Working on the New American Bread Line

Submitted By John Coster

 

I live in a small New England Town that is home to the state university and close to several prominent colleges. Many residents think of themselves as “progressive”, but the term belies a deeper tradition of anti-authoritarianism. This is an area where even before the shots were fired at Lexington, local farmers were forcibly driving out British administrators and tax collectors. Then, in the immediate aftermath of the Revolutionary War, it was here that former patriot soldiers took up arms again to halt the harsh treatment of debtors by the courts and stop an epidemic of foreclosures. Those actions comprised  the conflict known as Shay’s Rebellion. Later, in the 19th century, this and neighboring towns in Massachusetts became part of the underground railway, slavery opponents having been active in the region for a long time. Indeed, when Washington came to Massachusetts to command the siege of Boston, he was surprised to find free blacks among the veterans of Bunker Hill. So, in our better moments, I think we in this region benefit from a cultural open mindedness that is not seduced by the dogmas of left and right. It was a fine thing to see local Yankee grandmothers standing shoulder to shoulder with some of the more radical students occupying the main branch of the Bank of America the year before last.

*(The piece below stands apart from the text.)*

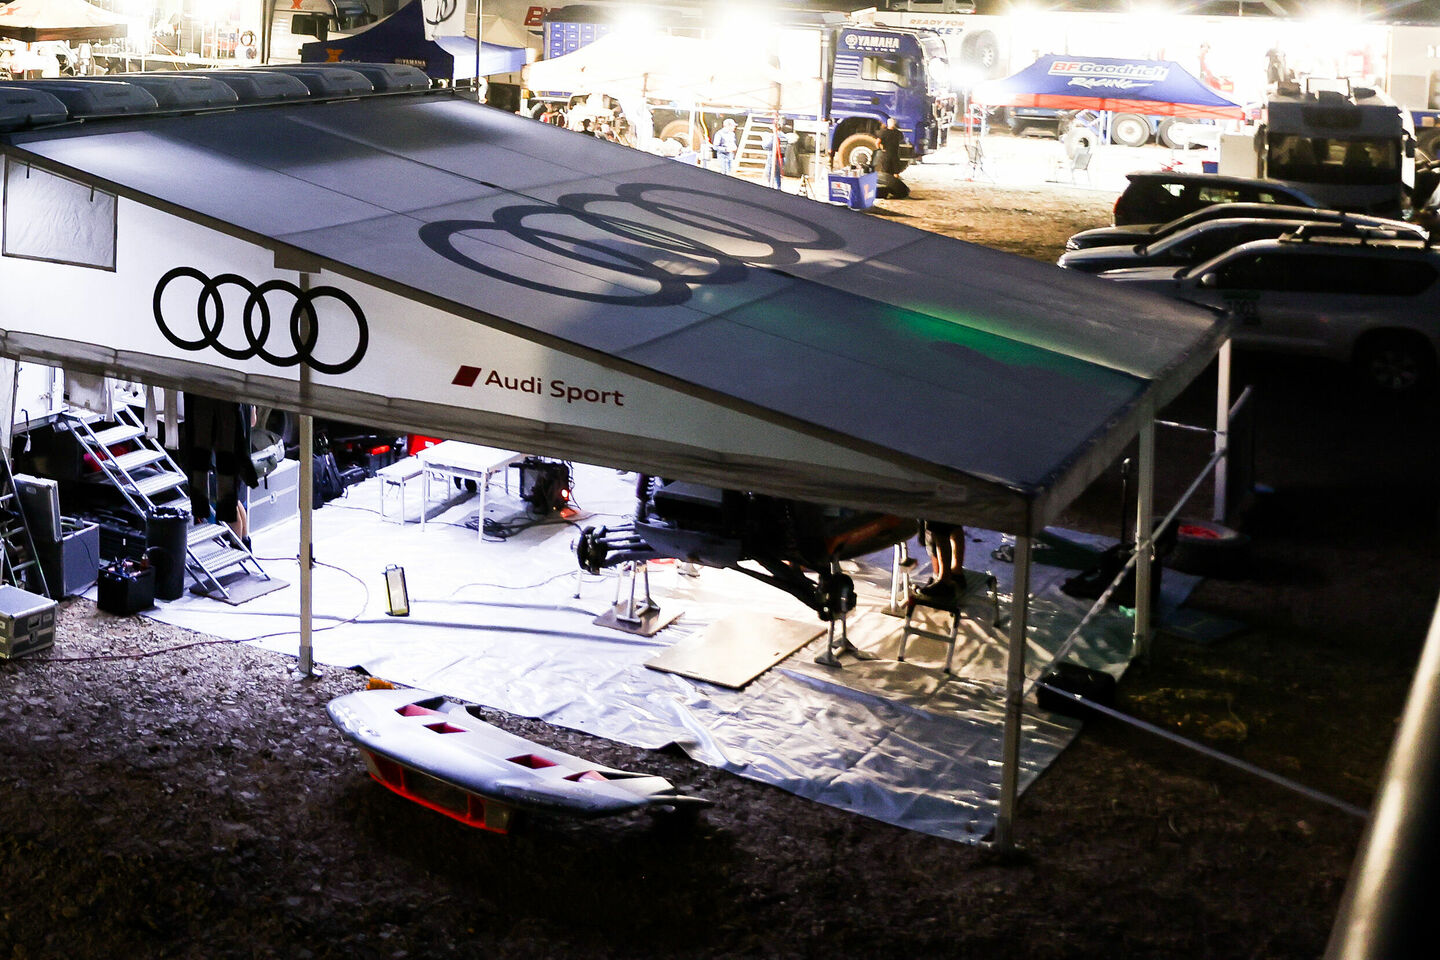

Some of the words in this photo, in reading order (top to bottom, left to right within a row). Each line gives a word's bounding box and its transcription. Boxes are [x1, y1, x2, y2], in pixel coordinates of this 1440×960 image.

Very early every Wednesday morning, I drive or catch the first bus to town, and meet my friend Mr. K at the local senior center. Our job is to drive a community van to Whole Foods and pick up groceries that would otherwise be wasted and bring it to the center for distribution. The food is perfectly good, at or near its expiration date or simply being disposed of because newer items have arrived and the store is overstocked. Whatever is too far gone we send to local farms to feed chickens and pigs. Mr K came to America from Iran 40 years ago. His children were born and raised here and are successful professionals. He is horrified by the way American media portray his homeland and hopes to return once more to see his aging father. Though in his early seventies, he is strong and quick, and we pack the van with heavy crates in just a few minutes. Some of his family comes from a mountainous region which must be very beautiful and seems to breed hardy souls. His grandfather died at 114, sitting in his favorite chair, so peacefully that no one knew exactly when he had passed away.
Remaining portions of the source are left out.